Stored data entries
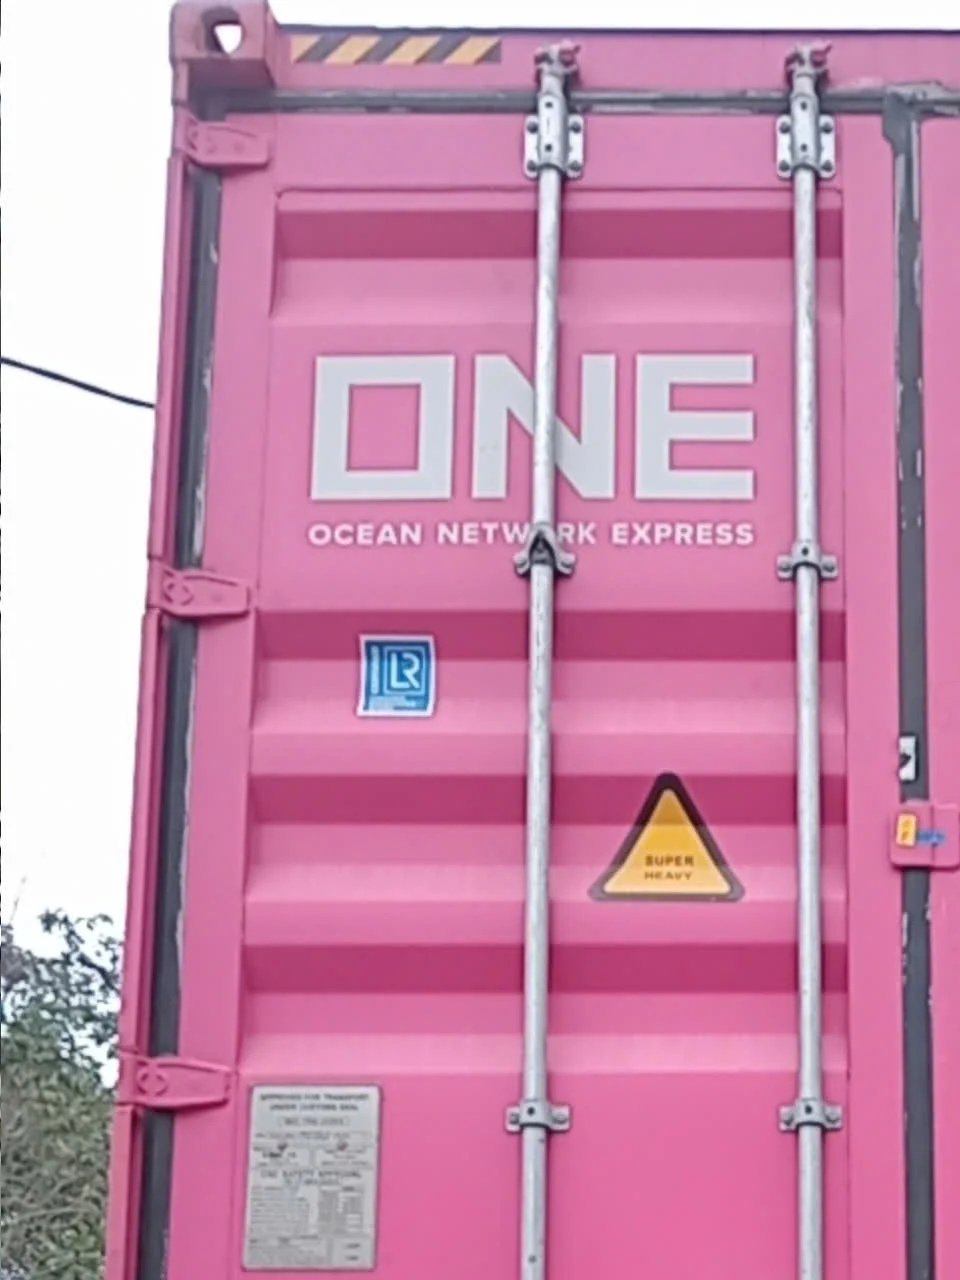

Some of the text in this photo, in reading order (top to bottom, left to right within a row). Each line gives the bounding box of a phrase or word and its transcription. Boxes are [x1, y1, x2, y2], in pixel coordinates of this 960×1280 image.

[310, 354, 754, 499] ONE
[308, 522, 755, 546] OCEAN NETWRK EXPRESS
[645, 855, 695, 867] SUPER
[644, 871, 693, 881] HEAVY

* [WHAT YOU HAVE TO DO]: What you return must match the records exactly, apart from the images, which are omitted.

* [TASK SOLUTION]:
Some of the text in this photo, in reading order (top to bottom, left to right within a row). Each line gives the bounding box of a phrase or word and its transcription. Boxes are [x1, y1, x2, y2], in pixel coordinates of this 960×1280 image.

[310, 354, 754, 499] ONE
[308, 522, 755, 546] OCEAN NETWRK EXPRESS
[645, 855, 695, 867] SUPER
[644, 871, 693, 881] HEAVY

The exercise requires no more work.